Monday , September 24 2018

Pakistan to deploy 371,388 troops – ‘Hope’ for Afghan peace talks — US

US Secretary of State Mike Pompeo speaks to coalition forces at Bagram Air Base, Afghanistan on July 9. Pompeo is on a trip traveling to North Korea, Japan, Vietnam, Afghanistan, Abu Dhabi and Brussels. (AFP)

KABUL, July 10, (Agencies): US Secretary of State Mike Pompeo said Monday there was “now hope” for peace talks between the Afghan government and the Taleban, during an unannounced visit to Kabul. Pompeo’s first visit to Afghanistan since he was sworn in as America’s top diplomat in April came amid renewed optimism for peace in the war-weary country following last month’s unprecedented ceasefire by the Taleban and the government. “An element of the progress is the capacity that we now have to believe that there is now hope,” Pompeo told a joint press conference with Afghan President Ashraf Ghani. “Many of the Taleban now see that they can’t win on the ground militarily. That’s very deeply connected to President Trump’s strategy,” he said, referring to Trump’s muchvaunted South Asia policy announced last August.

But he added: “Make no mistake, there’s still a great deal of work to do.” Pompeo’s visit to the Afghan capital follows a ceasefire during Eid, when the Islamic holiday was marked by spontaneous street celebrations involving Afghan security forces and Taleban militants. Fighters on both sides expressed a deep fatigue with the grinding conflict, raising hopes that an end to hostilities was possible after 17 years of war that began with the US-led invasion in 2001 that ousted the Taleban from power.

But the insurgents refused the government’s request to extend their three-day ceasefire, launching attacks that have seen scores killed or injured. US-backed Ghani, who is under international pressure to ensure credible parliamentary elections are held in October ahead of next year’s presidential vote, has been leading the push for peace talks. Ghani thanked Pompeo for US support, hailing Trump’s strategy as a “game changer” in the conflict. Meanwhile, a suicide attacker blew himself up near an Afghan security forces vehicle on Tuesday, killing at least 12 people, mostly civilians, officials said, in the latest deadly violence to rock the country.

The explosion in the eastern city of Jalalabad also left at least five people wounded and set a nearby petrol station alight, the provincial governor’s spokesman Attaullah Khogyani told AFP. Some of the victims were brought to hospital with severe burns, health director Najibullah Kamawal said, confirming the casualty toll. “I saw a big ball of fire that threw people away. The people were burning,” Esmatullah, who witnessed the incident, told AFP.

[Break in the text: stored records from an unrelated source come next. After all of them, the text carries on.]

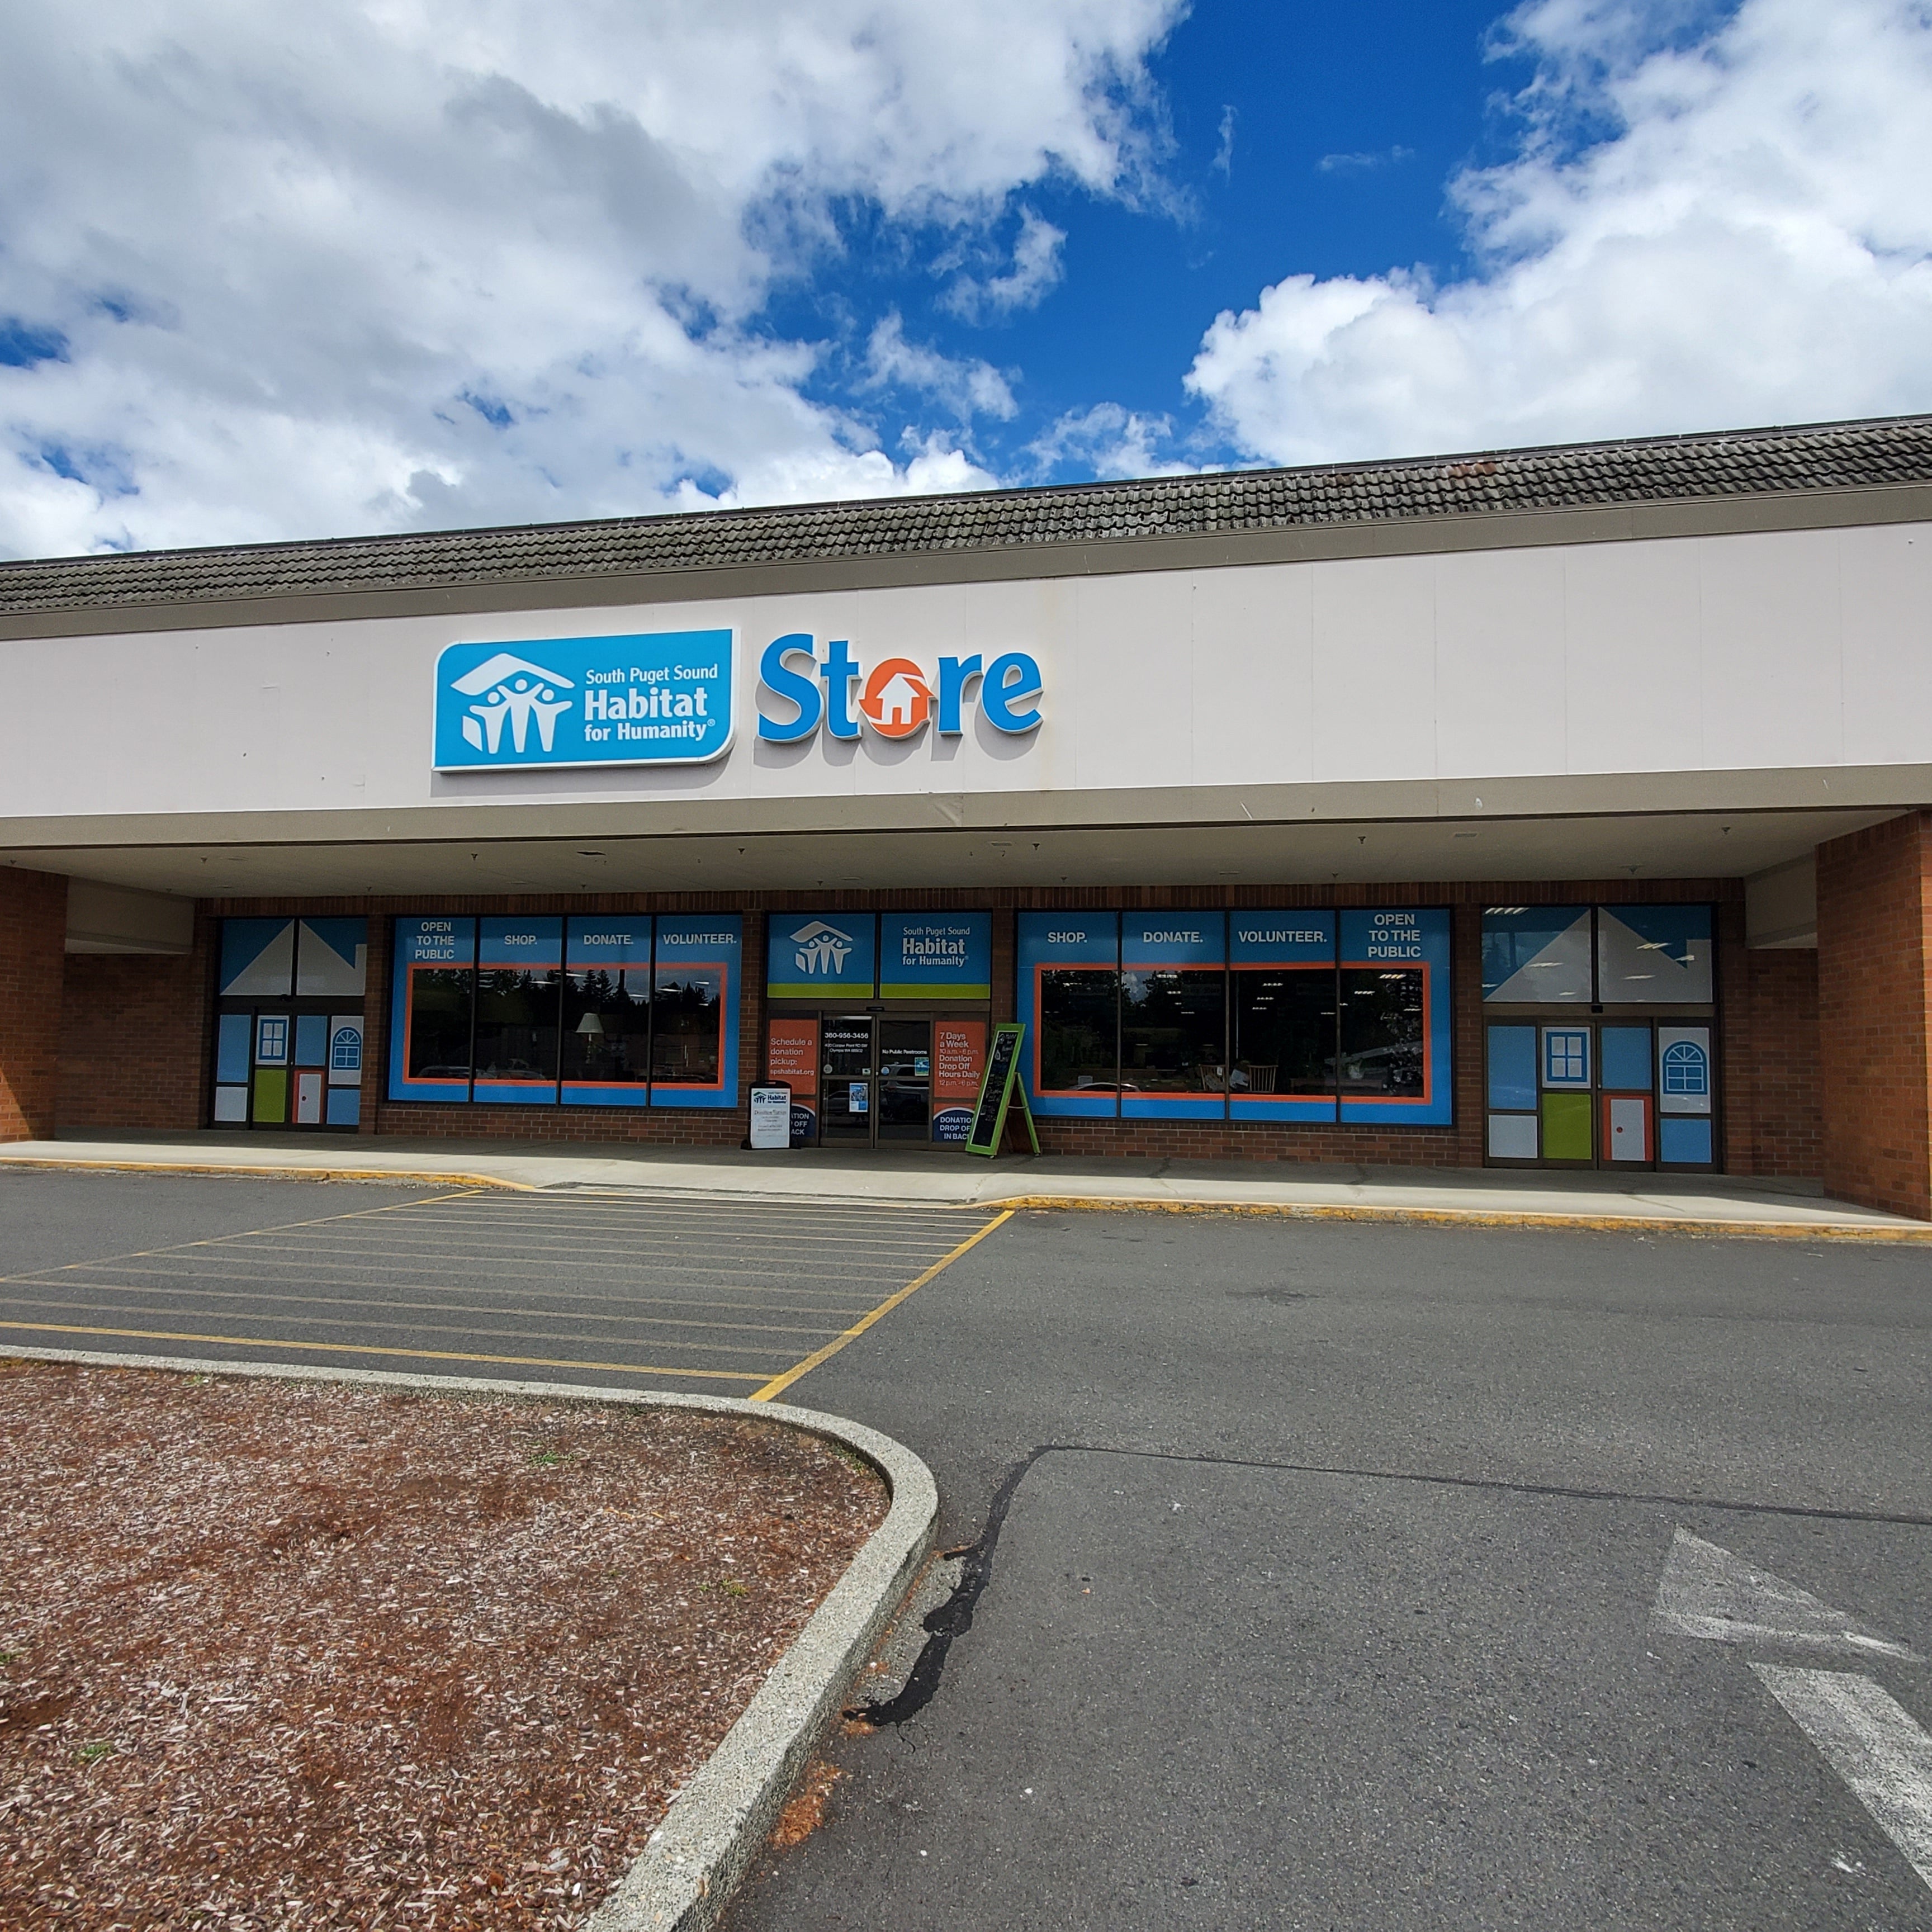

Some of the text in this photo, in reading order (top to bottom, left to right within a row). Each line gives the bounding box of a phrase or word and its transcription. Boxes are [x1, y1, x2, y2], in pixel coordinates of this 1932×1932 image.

[586, 663, 718, 685] South Puget Sound
[759, 632, 1044, 742] Store
[585, 686, 708, 721] Habitat
[585, 724, 611, 741] for
[1374, 914, 1415, 925] OPEN
[421, 922, 451, 931] OPEN
[903, 926, 970, 937] South Puget Sound
[416, 935, 454, 945] TO THE
[504, 935, 537, 945] SHOP.
[584, 935, 633, 945] DONATE.
[663, 934, 737, 944] VOLUNTEER.
[1048, 932, 1087, 943] SHOP.
[1143, 931, 1203, 943] DONATE.
[1238, 931, 1327, 942] VOLUNTEER.
[1368, 930, 1420, 941] TO THE
[903, 937, 965, 954] Habitat
[415, 949, 454, 959] PUBLIC
[1368, 946, 1421, 958] PUBLIC
[902, 955, 916, 965] for
[946, 1032, 966, 1041] Days
[770, 1058, 797, 1066] pickup:
[962, 1071, 981, 1079] Daily
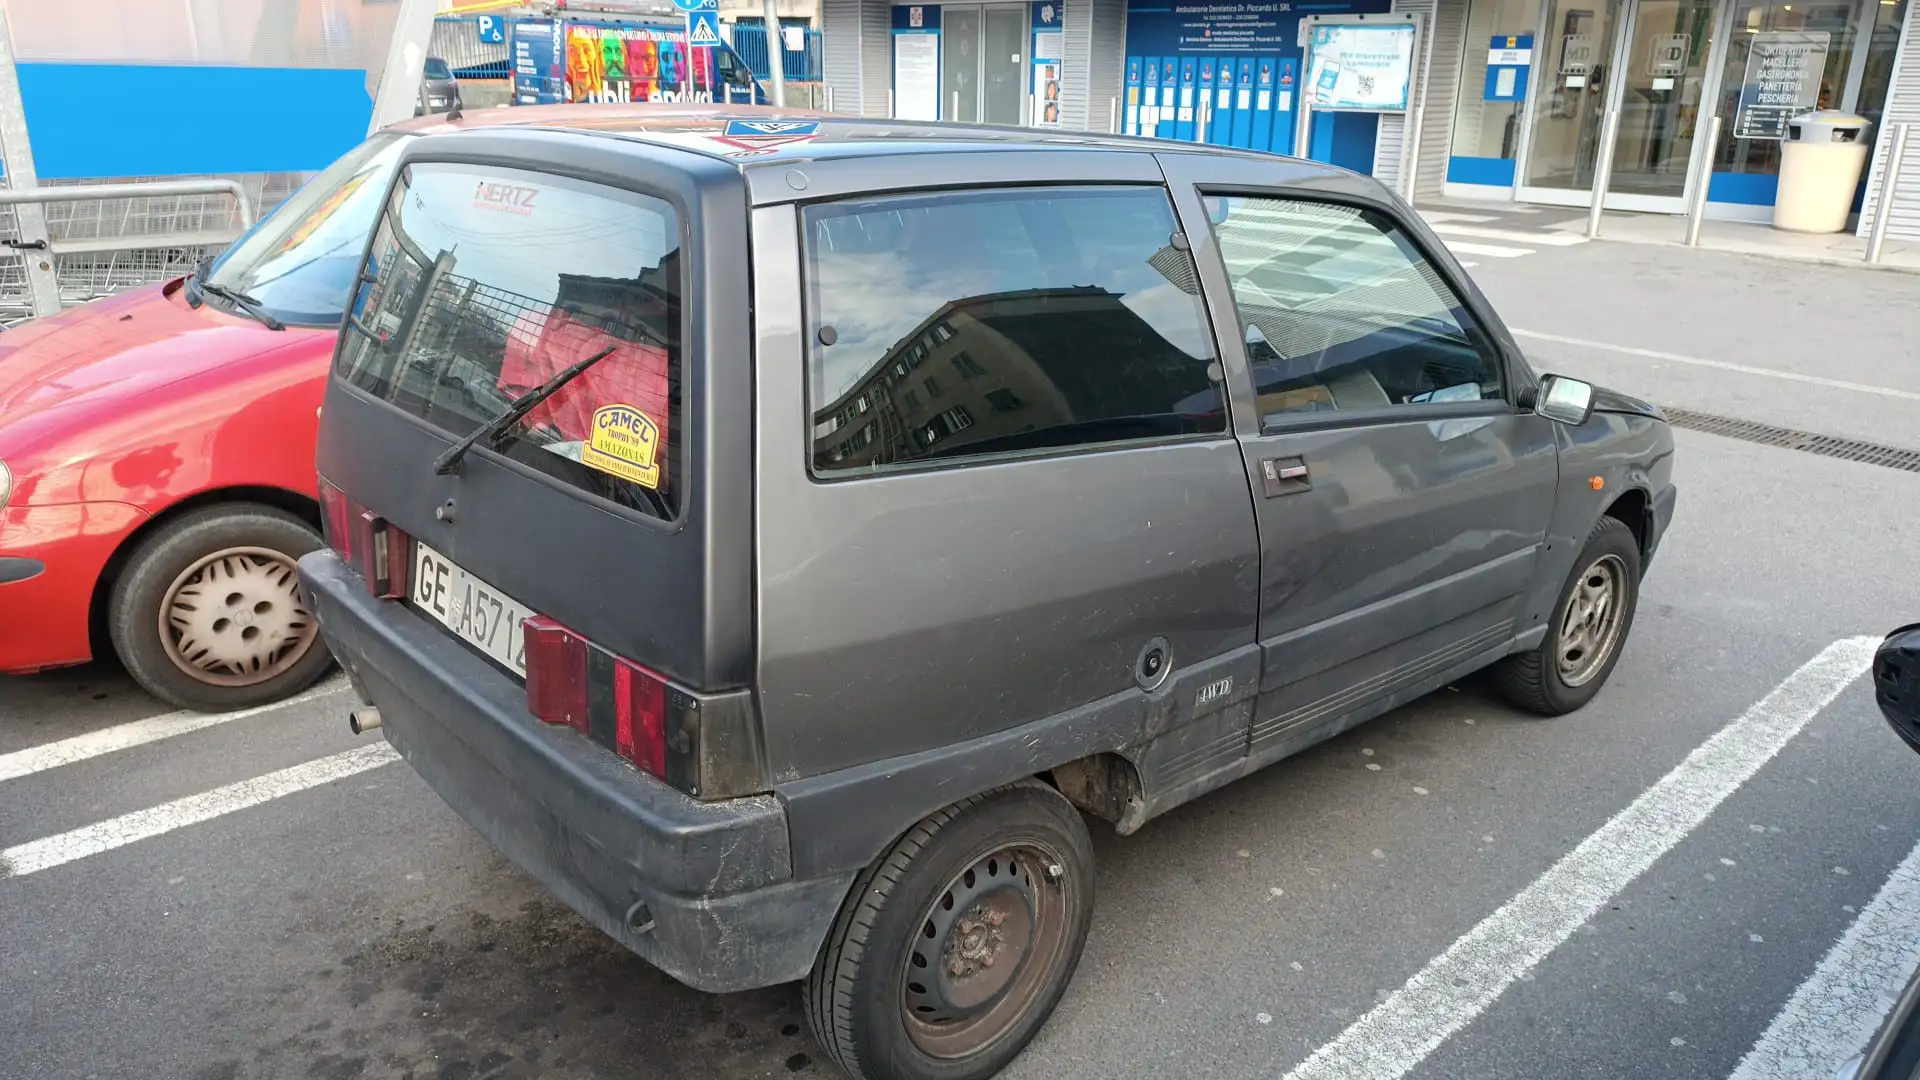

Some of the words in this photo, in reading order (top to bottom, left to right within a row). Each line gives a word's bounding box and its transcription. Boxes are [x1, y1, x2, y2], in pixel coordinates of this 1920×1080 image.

Pak to deploy 371,388 troops: Pakistan’s army spokesman says the military will deploy more than 371,000 security forces to polling stations to ensure free, fair and transparent national elections on July 25. Maj Gen Asif Ghafoor told reporters Tuesday the military will not be directly involved in the voting process. He said the army decided to deploy 371,388 troops at the request of the country’s elections oversight body to ensure order during the election. Ghafoor asked people to vote for the candidates or parties of their choice without any fear.

His comments come days after former prime minister Nawaz Sharif accused a spy agency of pressuring one of his candidates to change his political loyalty. Ghafoor says there is no truth to the allegation. Meanwhile, Pakistan opposition leader Imran Khan, a former cricket star who hopes to become the next prime minister, unveiled his party’s manifesto Monday ahead of this month’s parliamentary elections. Khan is promising 10 million new jobs and better health and education facilities if he wins the July 25 vote. Titled “Road to New Pakistan,” the manifesto is similar to other ambitious past pledges by political parties that were never realized.